TASK DETAILS :: Keep every word of the listing and reproduce it exactly, but set aside any image found there.

EXCERPTED DATA ::
————

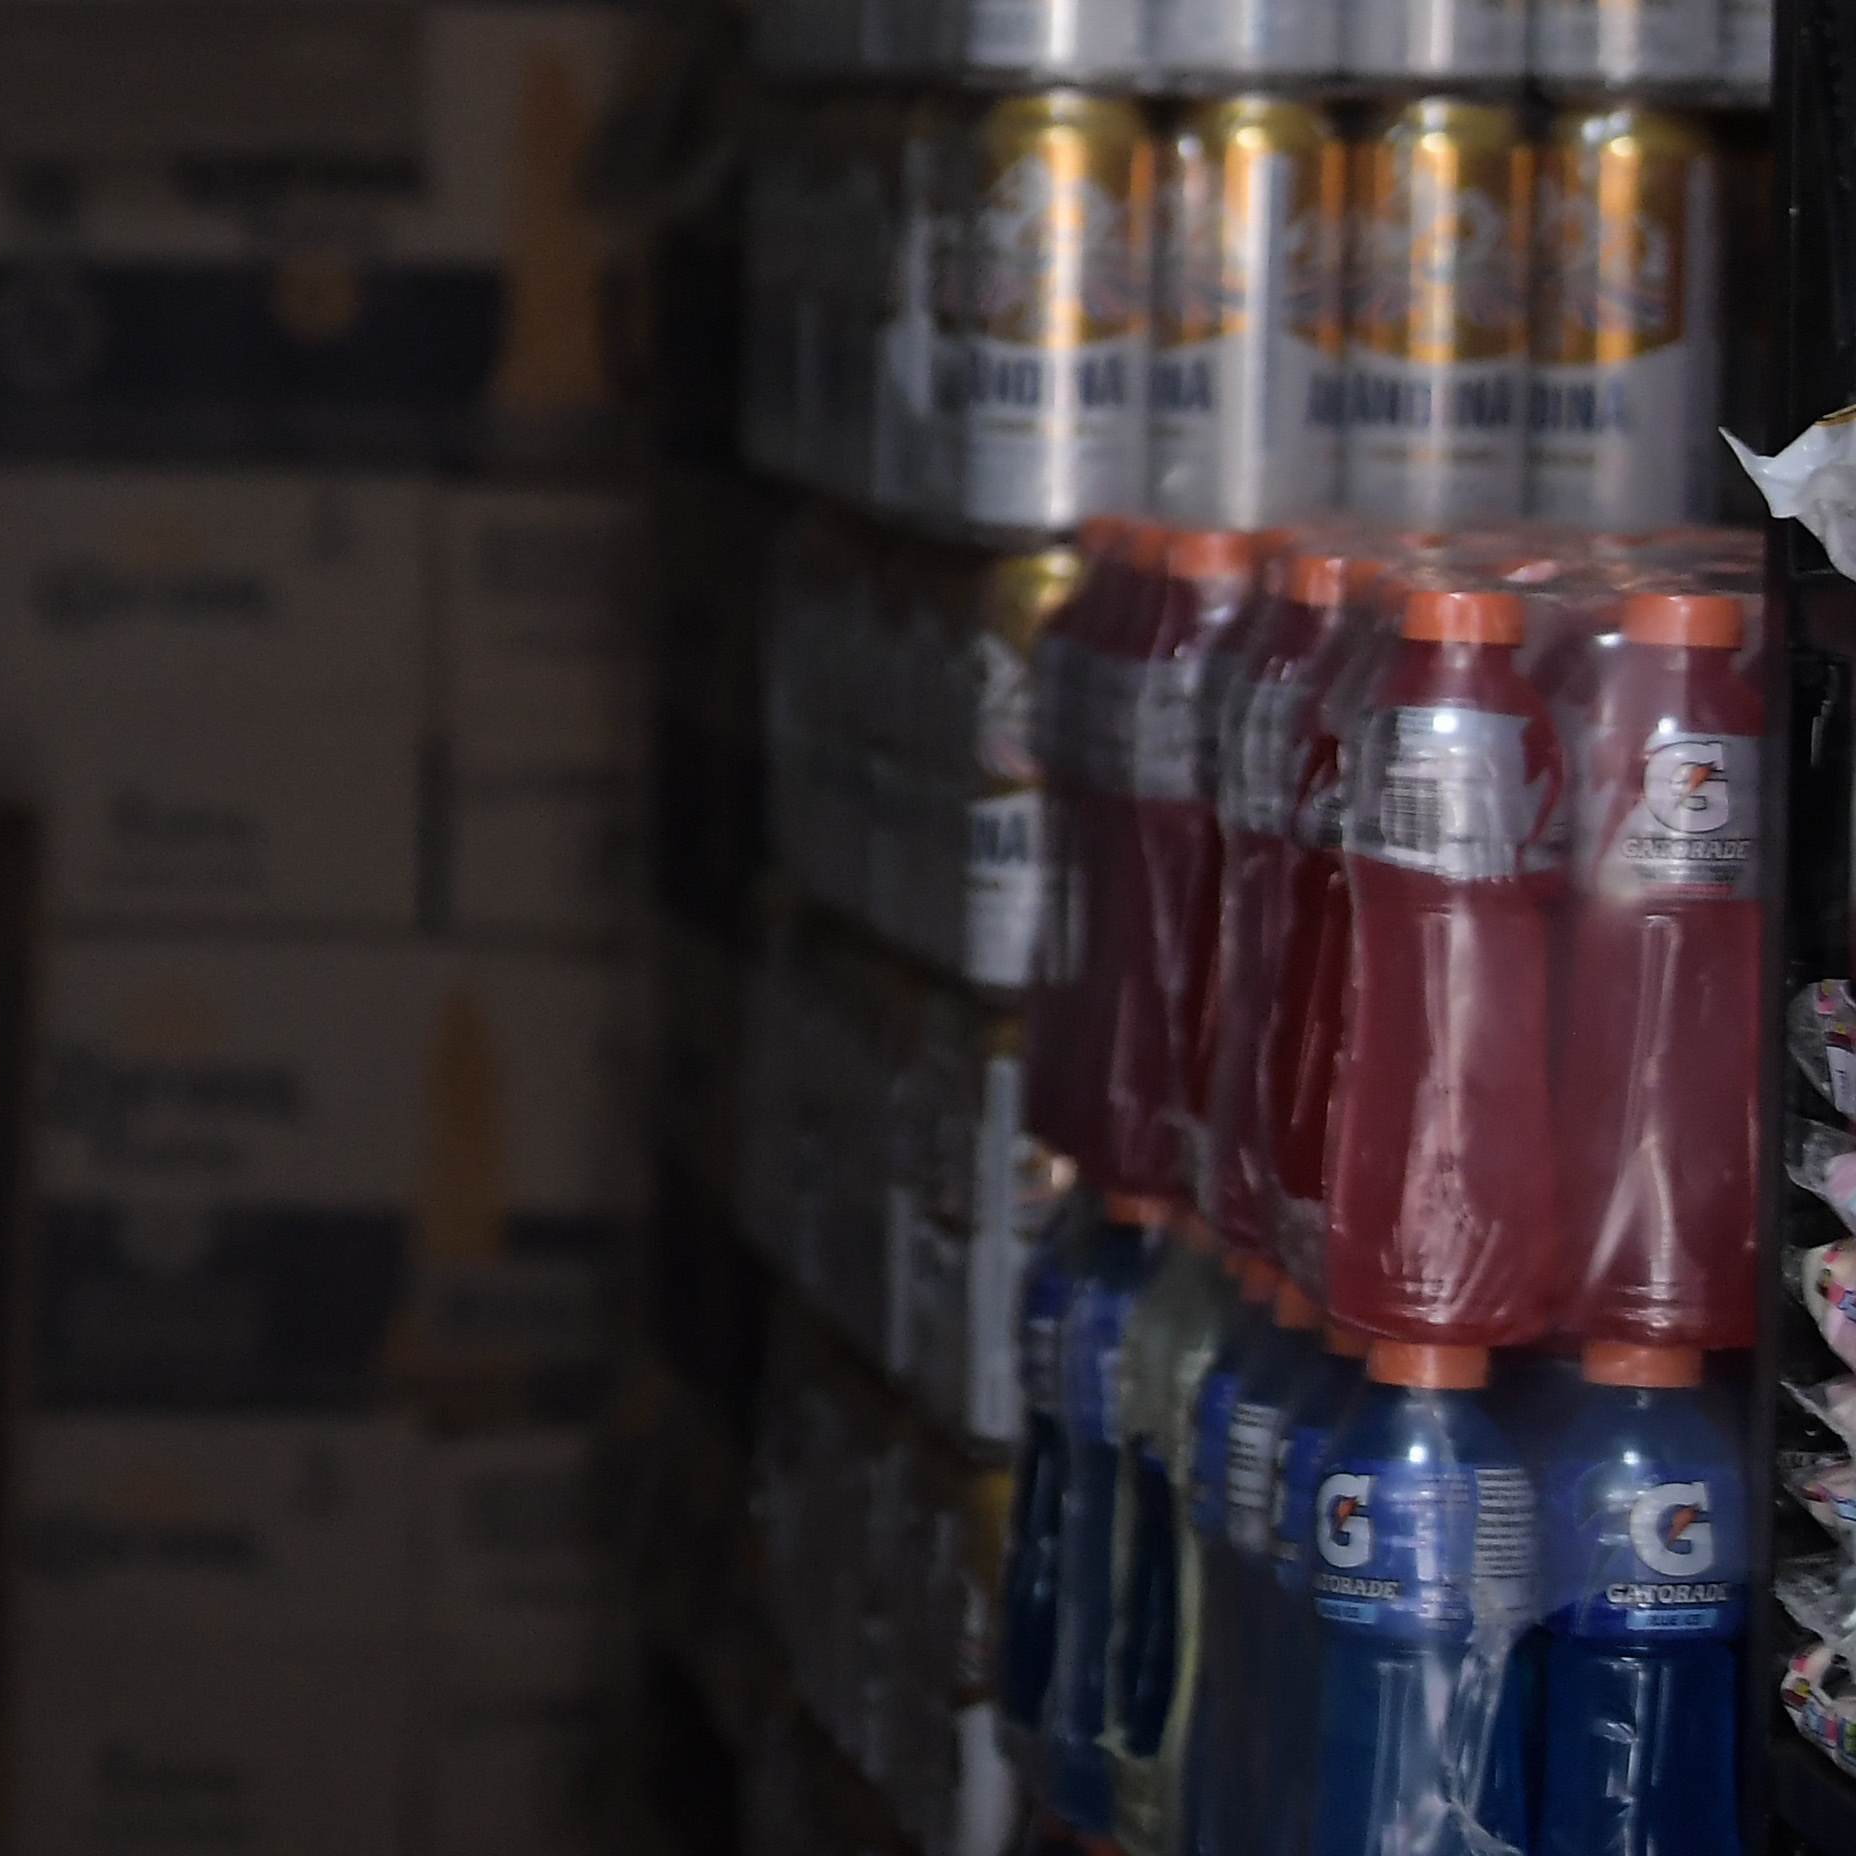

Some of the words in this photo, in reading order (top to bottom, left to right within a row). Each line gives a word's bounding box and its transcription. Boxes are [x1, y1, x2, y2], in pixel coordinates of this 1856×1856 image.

[1643, 741, 1729, 834] G
[1621, 838, 1751, 861] GATORADE
[1316, 1472, 1377, 1568] G
[1629, 1480, 1715, 1576] G
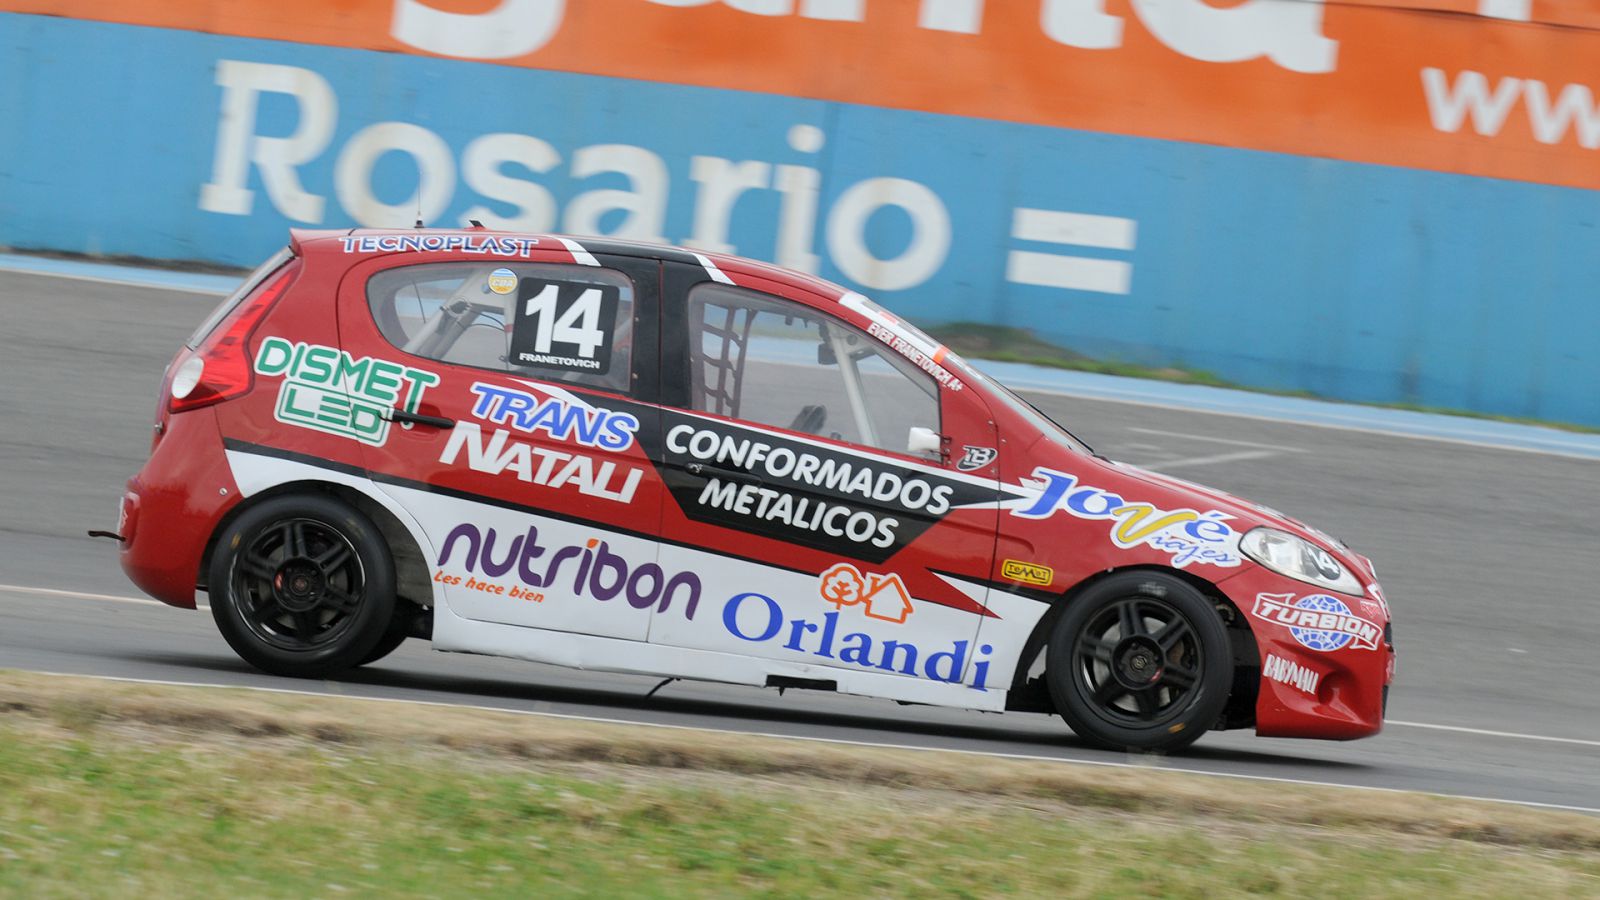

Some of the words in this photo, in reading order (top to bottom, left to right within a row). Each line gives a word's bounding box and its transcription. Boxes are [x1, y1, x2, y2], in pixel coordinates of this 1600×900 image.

[199, 60, 953, 291] Rosario
[338, 235, 539, 258] TECNOPLAST
[525, 284, 604, 358] 14
[867, 321, 896, 346] EVER
[256, 338, 438, 428] DISMET
[519, 352, 600, 369] FRANETOVICH
[283, 388, 383, 435] LED
[471, 382, 640, 452] TRANS
[439, 420, 644, 504] NATALI
[666, 424, 954, 515] CONFORMADOS
[698, 478, 899, 548] METALICOS
[434, 570, 459, 585] Les
[465, 577, 504, 596] hace
[508, 587, 544, 603] bien
[438, 523, 702, 621] nutribon
[722, 592, 993, 692] Orlandi
[1260, 602, 1377, 641] TURBION
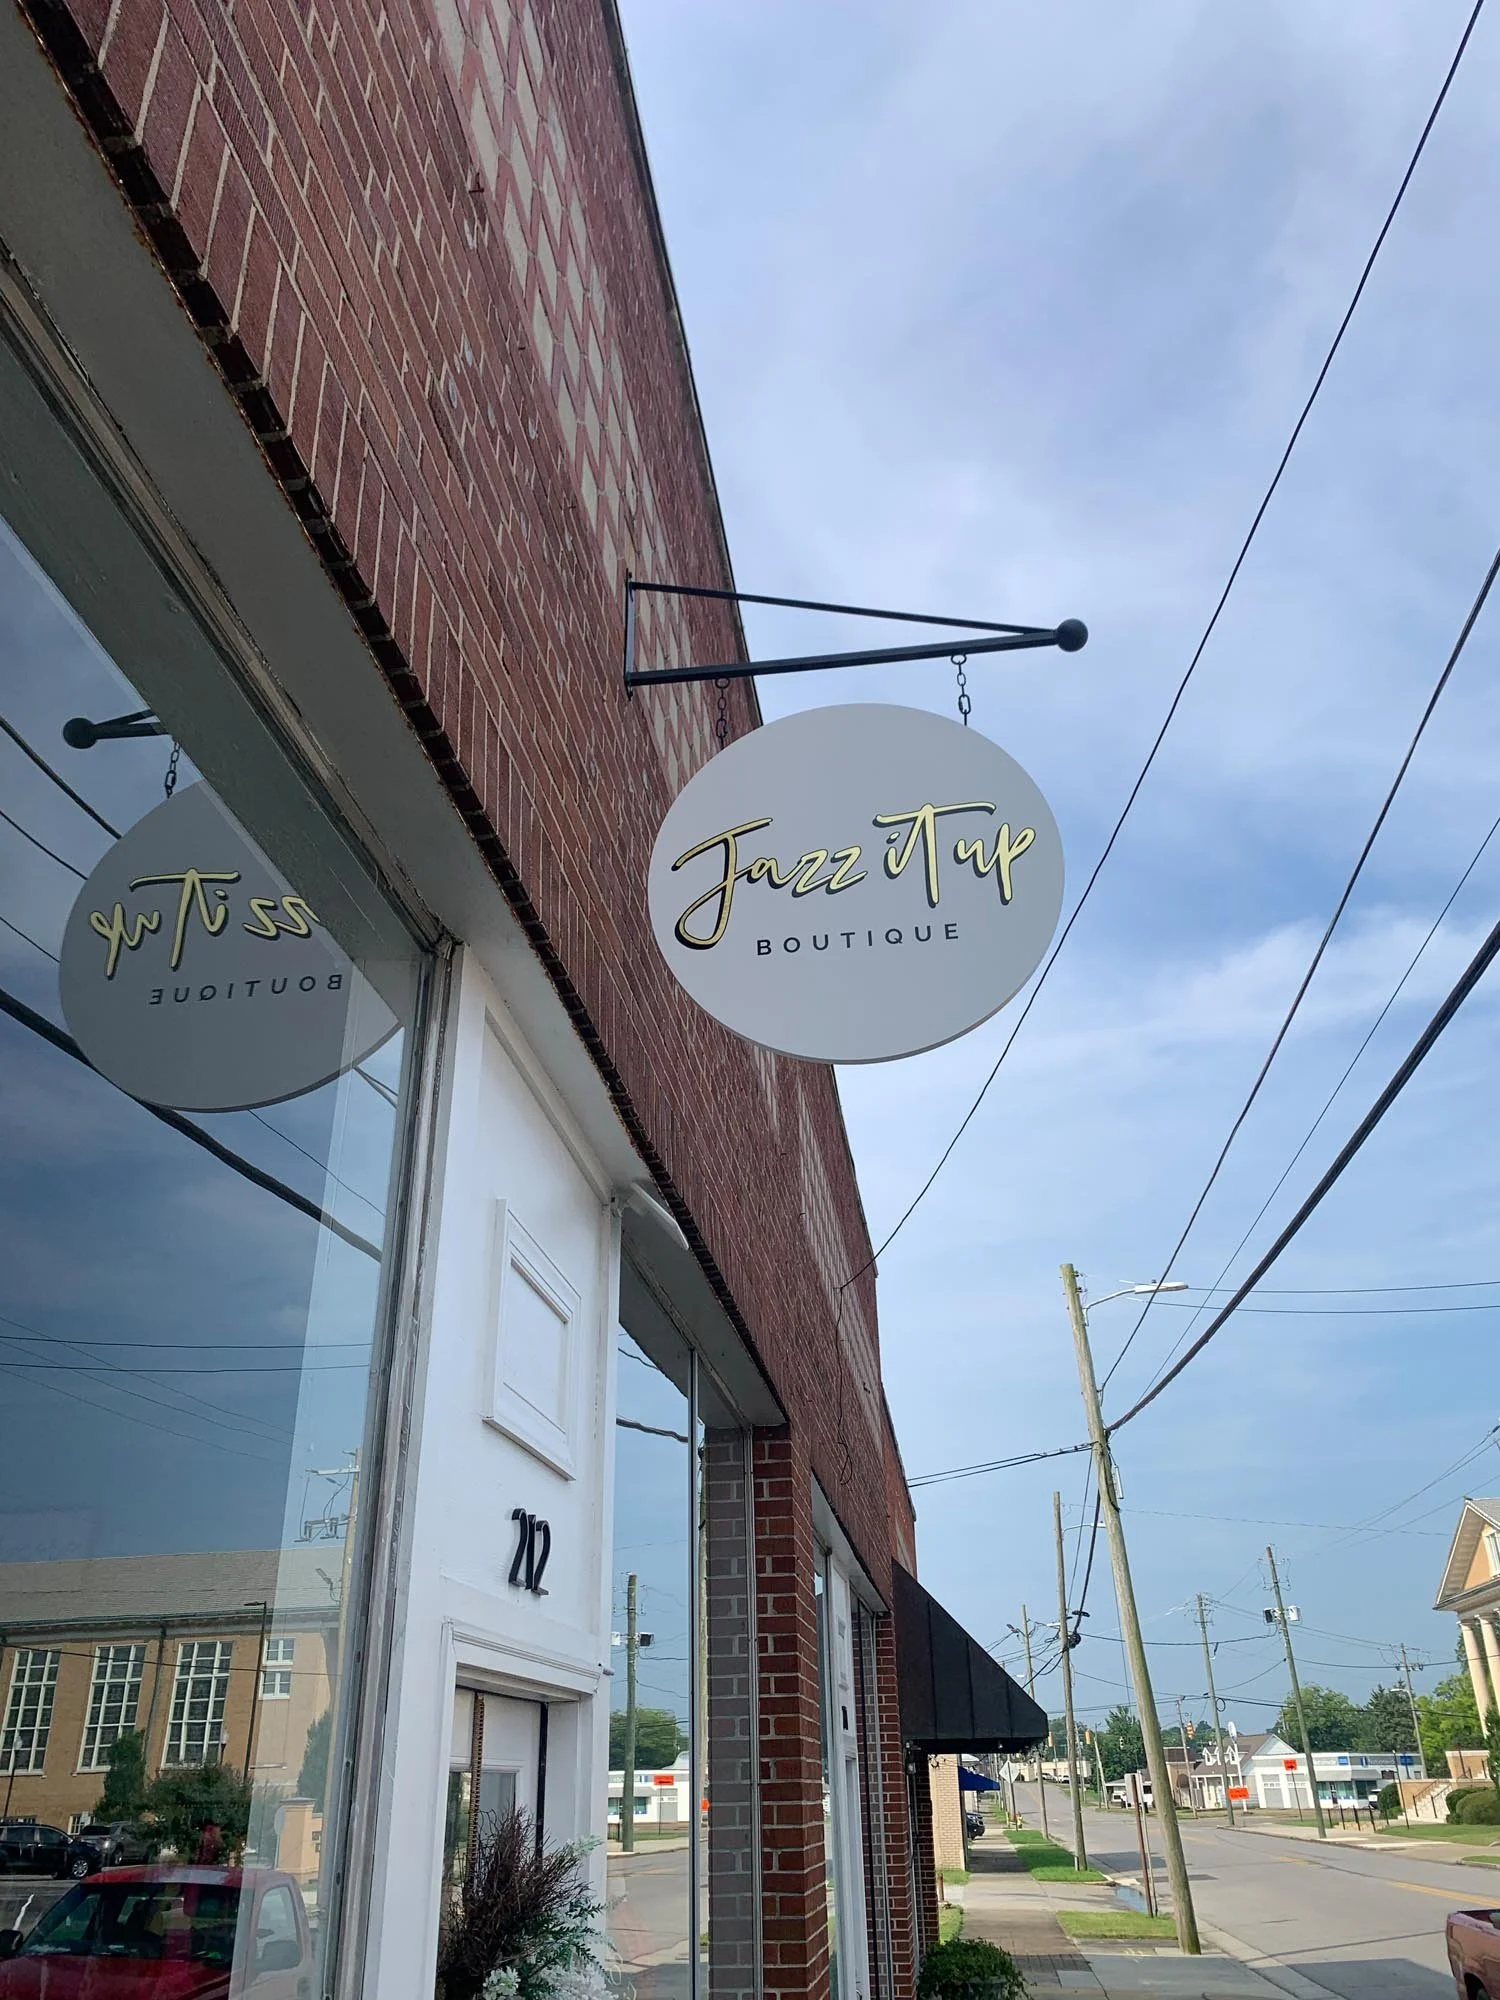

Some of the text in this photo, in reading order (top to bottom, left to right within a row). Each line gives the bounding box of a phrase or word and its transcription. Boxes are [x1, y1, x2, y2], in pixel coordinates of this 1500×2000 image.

————

EXERCISE ANSWER ::
Some of the words in this photo, in reading order (top to bottom, left to right within a row). Each line gives a word's bounding box and its transcription. Boxes are [x1, y1, x2, y2], in pixel coordinates of this 1856×1856 image.

[1643, 741, 1729, 834] G
[1621, 838, 1751, 861] GATORADE
[1316, 1472, 1377, 1568] G
[1629, 1480, 1715, 1576] G

Some of the words in this photo, in reading order (top to bottom, left to right within a row). Each line gives a word's bounding box and its transcription. Boxes are [x1, y1, x2, y2], in pixel coordinates of this 1600×900 image.

[199, 60, 953, 291] Rosario
[338, 235, 539, 258] TECNOPLAST
[525, 284, 604, 358] 14
[867, 321, 896, 346] EVER
[256, 338, 438, 428] DISMET
[519, 352, 600, 369] FRANETOVICH
[283, 388, 383, 435] LED
[471, 382, 640, 452] TRANS
[439, 420, 644, 504] NATALI
[666, 424, 954, 515] CONFORMADOS
[698, 478, 899, 548] METALICOS
[434, 570, 459, 585] Les
[465, 577, 504, 596] hace
[508, 587, 544, 603] bien
[438, 523, 702, 621] nutribon
[722, 592, 993, 692] Orlandi
[1260, 602, 1377, 641] TURBION

Some of the text in this photo, in reading order (top to bottom, left to right within a row). Each line gives the bounding box of a phrase or word and its transcription. Boxes are [x1, y1, x2, y2], in pixel coordinates of this 1500×2000 image.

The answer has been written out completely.